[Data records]
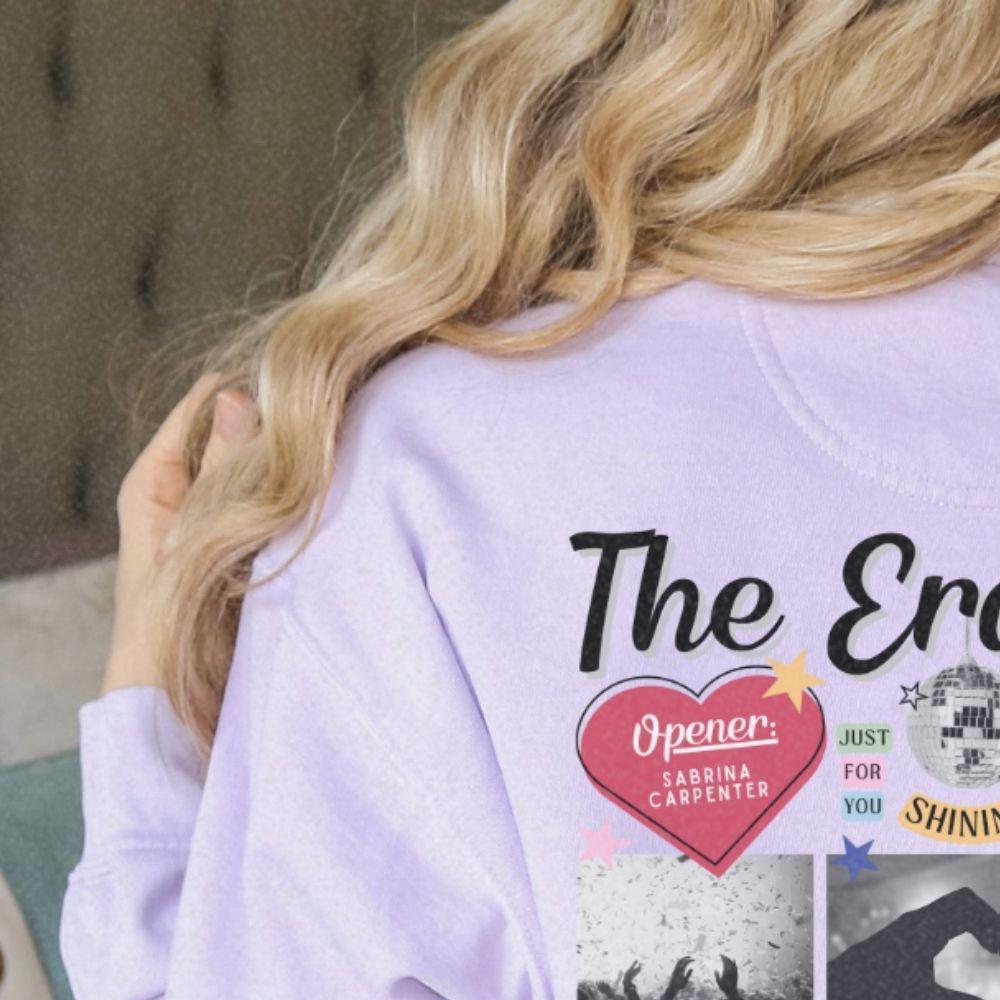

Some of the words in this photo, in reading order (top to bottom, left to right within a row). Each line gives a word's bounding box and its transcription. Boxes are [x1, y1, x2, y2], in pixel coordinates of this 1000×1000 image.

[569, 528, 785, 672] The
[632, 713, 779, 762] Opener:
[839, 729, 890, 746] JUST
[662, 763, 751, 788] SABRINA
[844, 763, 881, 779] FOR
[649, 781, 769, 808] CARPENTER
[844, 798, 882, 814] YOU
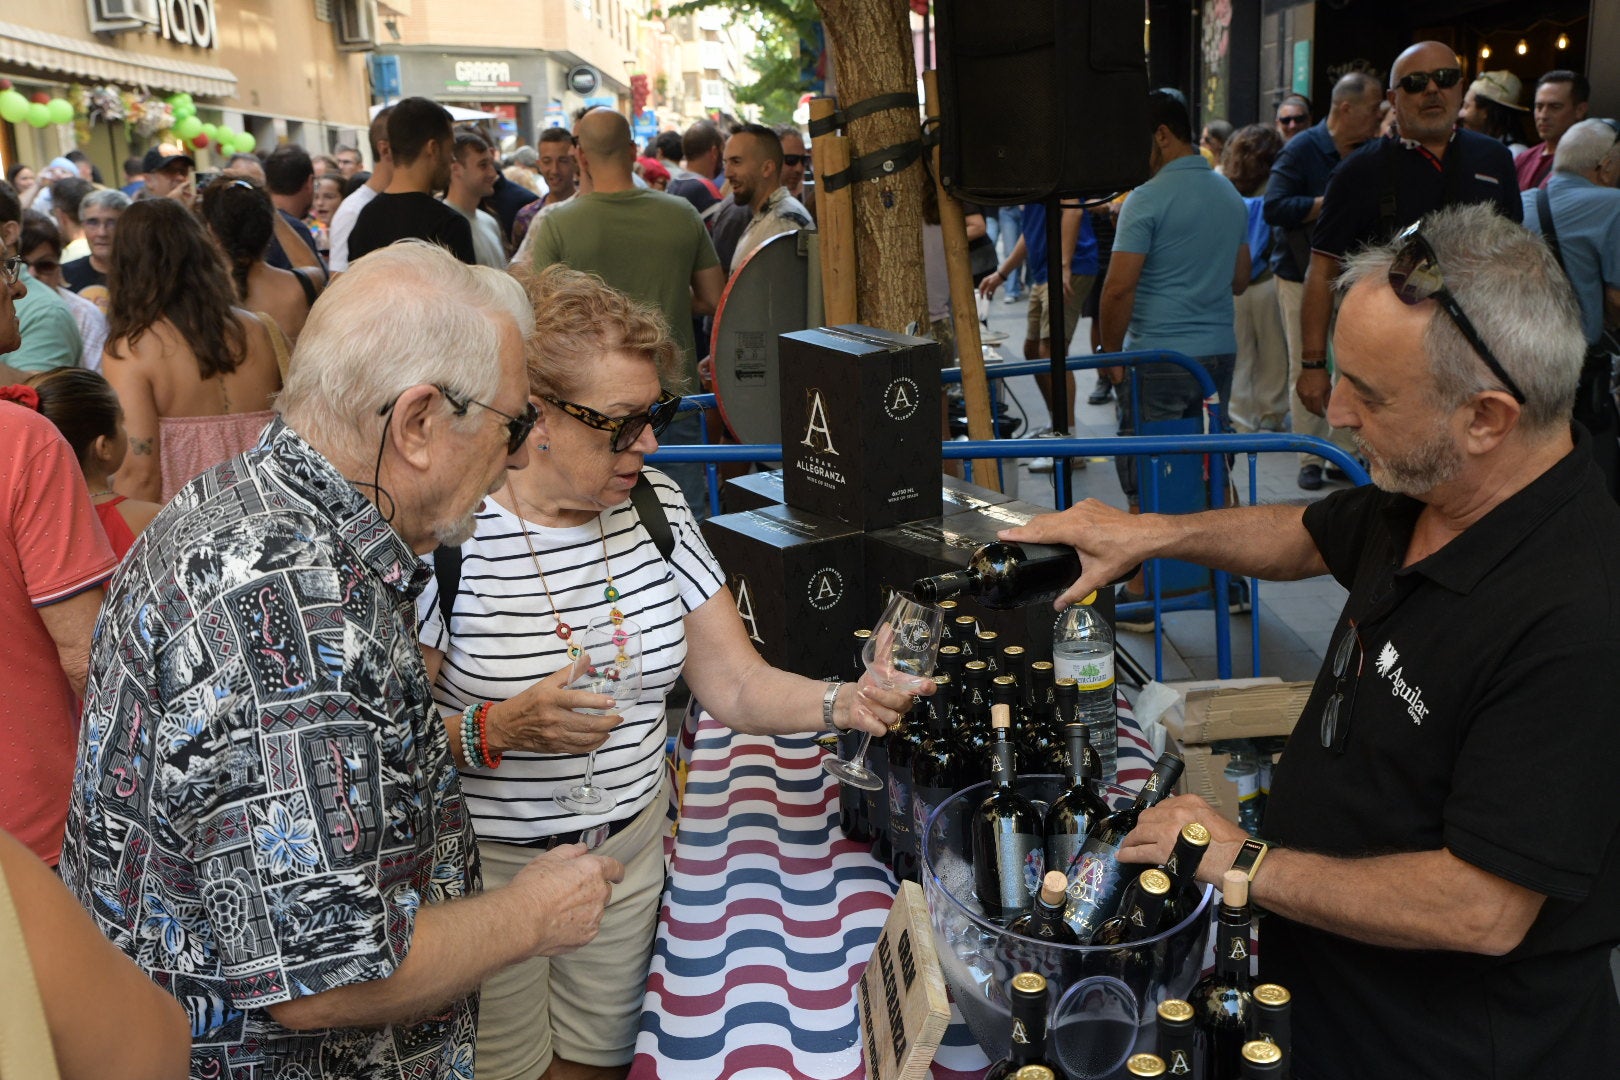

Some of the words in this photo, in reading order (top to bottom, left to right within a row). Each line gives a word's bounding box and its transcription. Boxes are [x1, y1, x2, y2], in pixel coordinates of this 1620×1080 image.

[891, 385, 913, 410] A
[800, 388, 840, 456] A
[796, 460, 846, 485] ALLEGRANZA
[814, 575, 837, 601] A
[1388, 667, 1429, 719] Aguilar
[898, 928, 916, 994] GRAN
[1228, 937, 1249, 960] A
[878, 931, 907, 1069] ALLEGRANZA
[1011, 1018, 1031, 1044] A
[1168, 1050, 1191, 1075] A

Your task → The records above should be copied word for word, with the pictures left out.

Problem solution →
Some of the words in this photo, in reading order (top to bottom, left to right within a row). Each line gives a word's bounding box and its transcription. Boxes are [x1, y1, x2, y2], in pixel coordinates of this 1000×1000 image.

[569, 528, 785, 672] The
[632, 713, 779, 762] Opener:
[839, 729, 890, 746] JUST
[662, 763, 751, 788] SABRINA
[844, 763, 881, 779] FOR
[649, 781, 769, 808] CARPENTER
[844, 798, 882, 814] YOU

Some of the words in this photo, in reading order (top to bottom, left to right within a row). Each line gives a word's bounding box and its transcription. Boxes are [x1, y1, x2, y2], in pixel coordinates of this 1620×1080 image.

[891, 385, 913, 410] A
[800, 388, 840, 456] A
[796, 460, 846, 485] ALLEGRANZA
[814, 575, 837, 601] A
[1388, 667, 1429, 719] Aguilar
[898, 928, 916, 994] GRAN
[1228, 937, 1249, 960] A
[878, 931, 907, 1069] ALLEGRANZA
[1011, 1018, 1031, 1044] A
[1168, 1050, 1191, 1075] A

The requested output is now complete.